Os druidas alegaram que sua mera presença sugou o poder mágico de suas práticas. Outros guerreiros enviados para matar Patrício foram convertidos por ele. Reis e rainhas tribais se encantaram com sua caridade e destemor. Mesmo aqueles que não se converteram o respeitavam. Por volta de 434, depois de apenas dois anos de pregação na Irlanda, o próprio Patrício usou um báculo para derrubar o ídolo de pedra de Crom-Cruach.

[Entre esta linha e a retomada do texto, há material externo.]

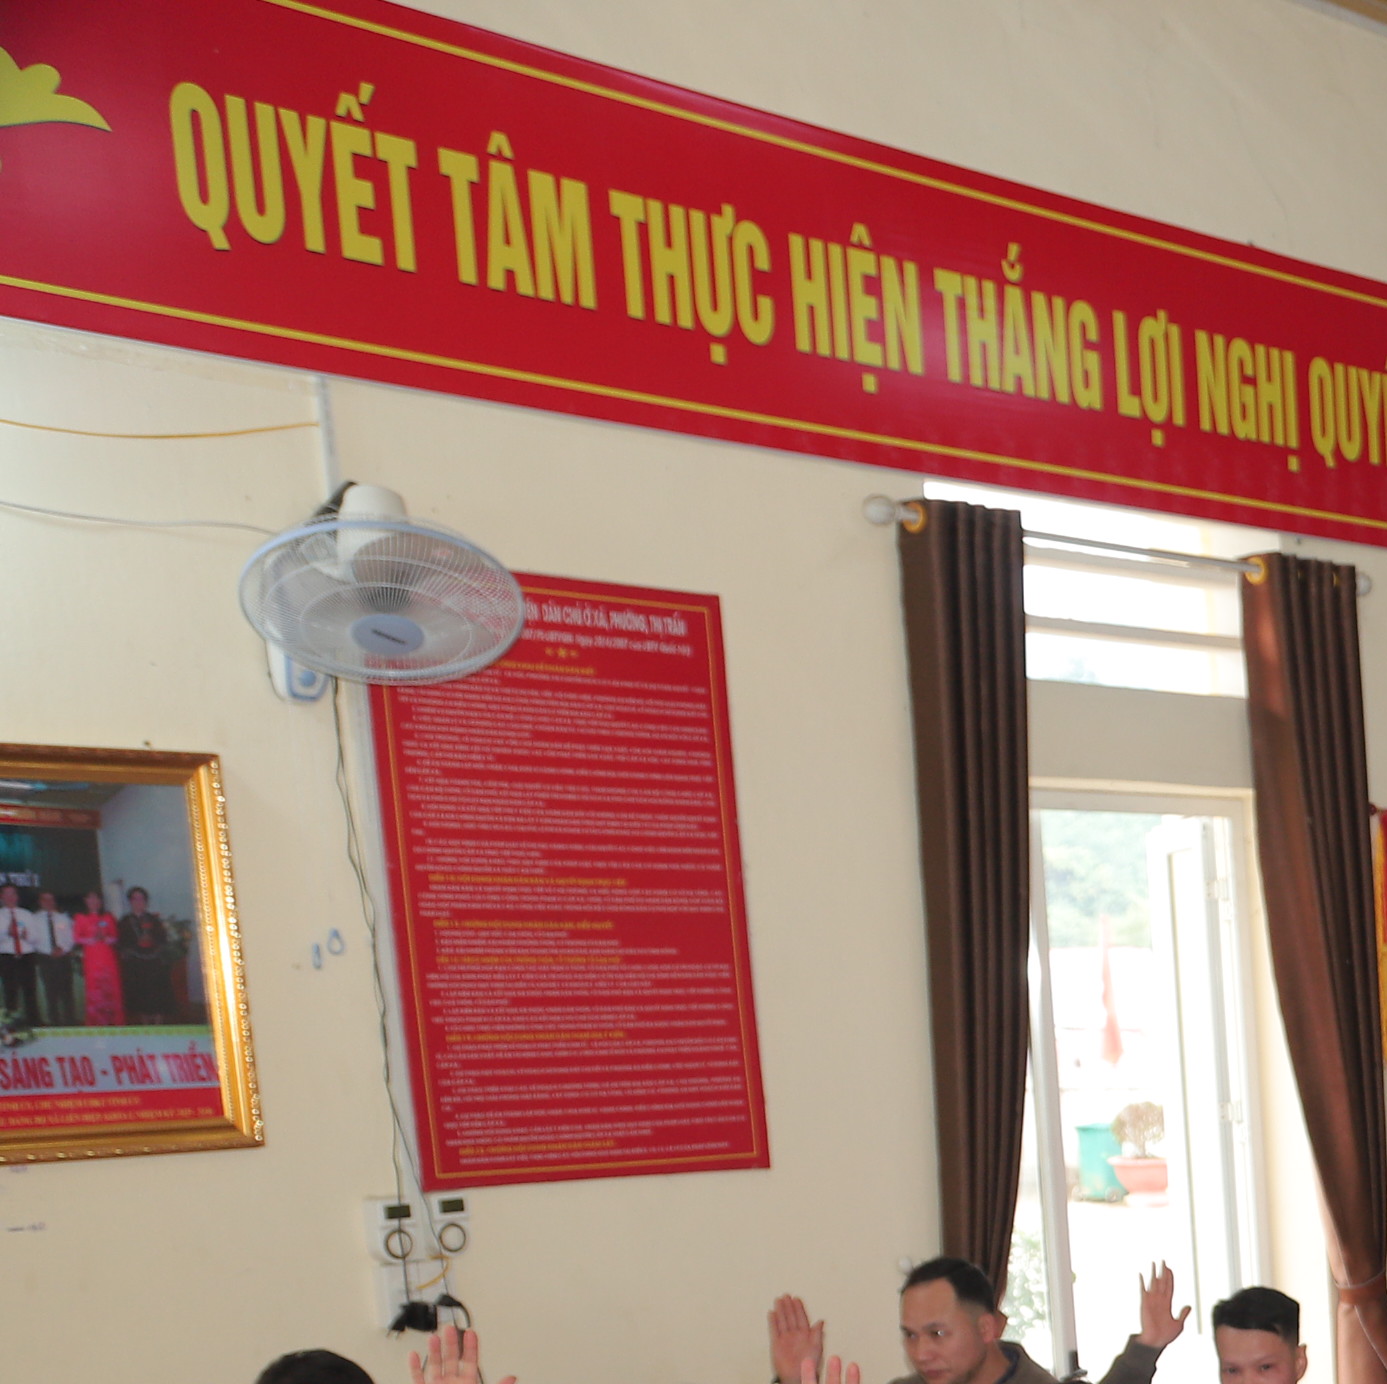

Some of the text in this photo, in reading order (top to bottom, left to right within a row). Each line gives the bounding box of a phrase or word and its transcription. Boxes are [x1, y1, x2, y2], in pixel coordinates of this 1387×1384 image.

[169, 81, 417, 273] QUYẾT
[438, 130, 597, 310] TÂM
[608, 189, 774, 366] THỰC
[789, 223, 924, 394] HIỆN
[933, 242, 1103, 412] THẮNG
[1111, 309, 1186, 447] LỢI
[1195, 329, 1300, 473] NGHỊ
[0, 1051, 54, 1089] SÁNG
[56, 1055, 96, 1093] TẠO
[109, 1047, 161, 1085] PHÁT
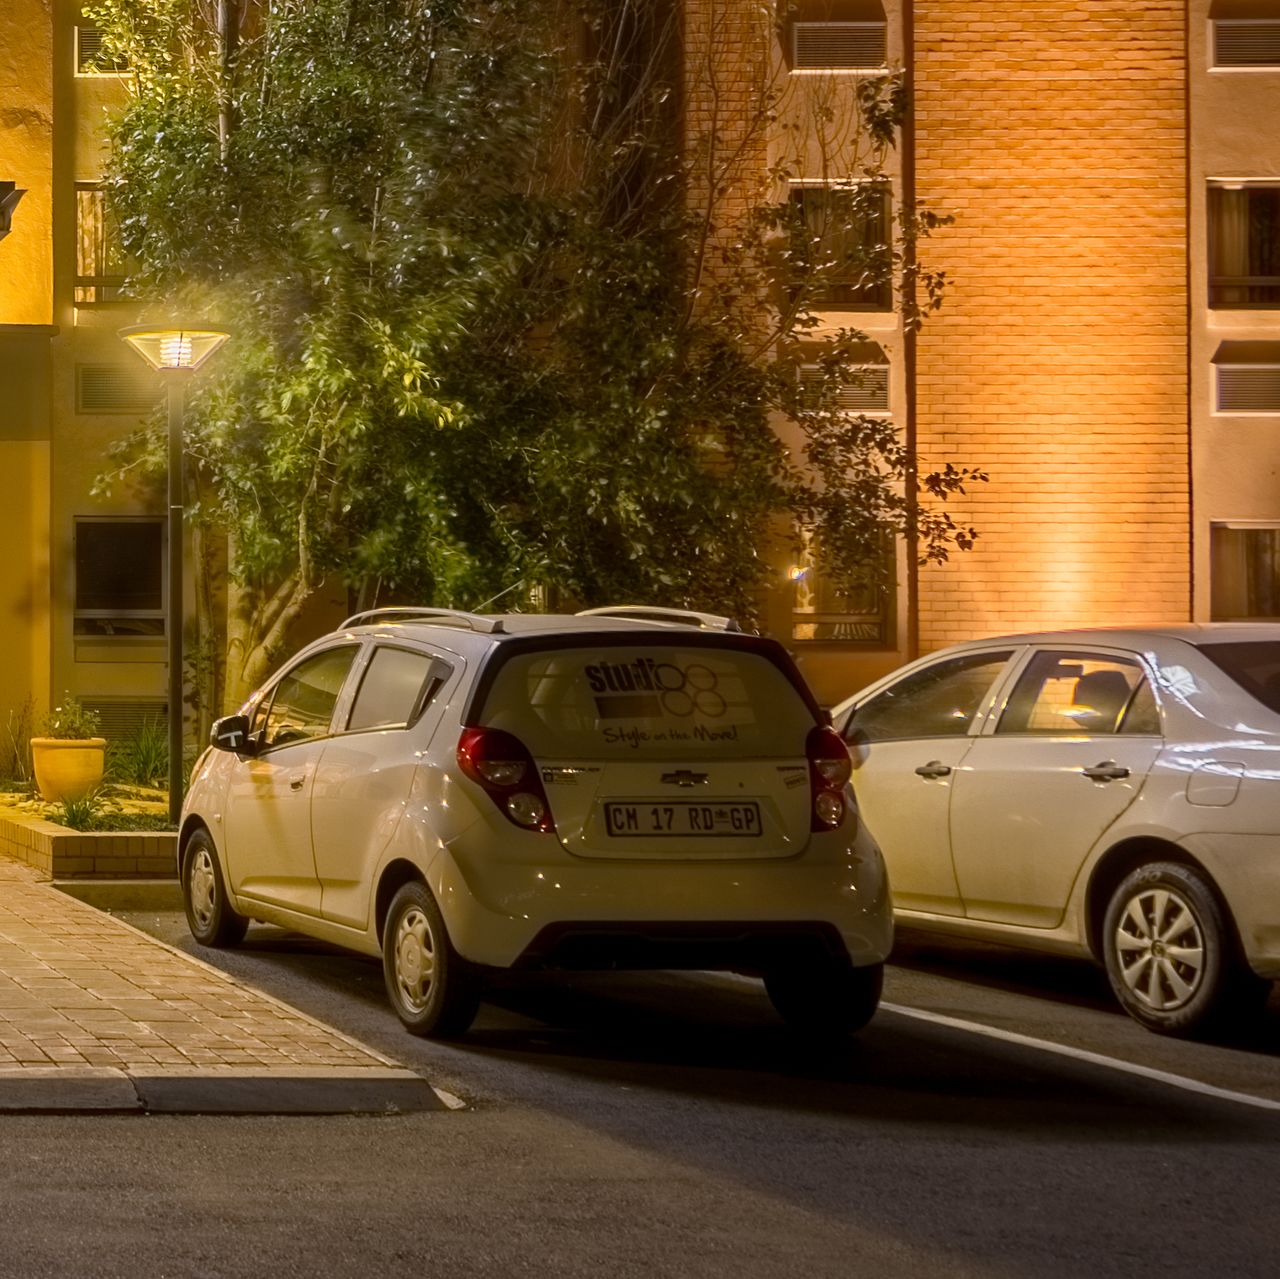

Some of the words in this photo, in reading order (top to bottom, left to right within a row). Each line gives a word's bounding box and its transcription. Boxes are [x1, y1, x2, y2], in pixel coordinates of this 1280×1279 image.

[603, 726, 650, 749] Style
[654, 732, 666, 741] on
[668, 727, 690, 741] the
[693, 724, 739, 742] Move!
[612, 807, 639, 830] CM
[651, 807, 674, 830] 17
[688, 807, 714, 830] RD
[730, 807, 755, 830] GP

Patrício enfrentou muitas vezes a morte certa de forma destemida. Ele defendeu, pregou e levou Cristo com ele em todos os lugares que viajou. Em seu caminho, deixou convertidos e igrejas em construção. Durante o tempo que Patrício levou para atravessá-la, a Irlanda se converteu do paganismo ao cristianismo. A Irlanda proibiu a escravidão e parou de pilhar seus vizinhos. Nunca antes na história do mundo e nunca desde então uma mudança cultural e religiosa tão dramática e repentina ocorreu sem força de armas, somente através da Palavra de Deus.
Um herói irlandês
Em diversos aspectos, Patrício foi mais irlandês do que os próprios irlandeses. Ele amava as lendas, poesias e canções irlandesas e insistiu para que este patrimônio fosse documentado e mantido. Por sua vez, os irlandeses o amaram e acolheram. Patrício viveu sua vida na Irlanda e morreu ali. Ele deixou para trás um povo cristão, um povo civilizado, e deixou para trás cidades, escolas, seminários e um amor pela aprendizagem perpetuado até os dias de hoje.

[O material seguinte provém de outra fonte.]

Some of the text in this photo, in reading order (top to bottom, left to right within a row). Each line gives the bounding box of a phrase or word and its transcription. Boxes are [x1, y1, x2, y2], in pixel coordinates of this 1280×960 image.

Talvez a história que acabei de contar seja tanto mito quanto verdade. Sabemos que provavelmente já havia pequenos grupos de cristãos na Irlanda antes da chegada de Patrício, decorrente em grande medida dos ataques de piratas irlandeses. São Patrício provavelmente nunca expulsou todas as cobras da Irlanda, como dizem as lendas (os biólogos dizem que as cobras nunca foram nativas da Irlanda), mas podemos concordar que Patrício certamente ajudou a expulsar uma serpente mortal daquele verde jardim!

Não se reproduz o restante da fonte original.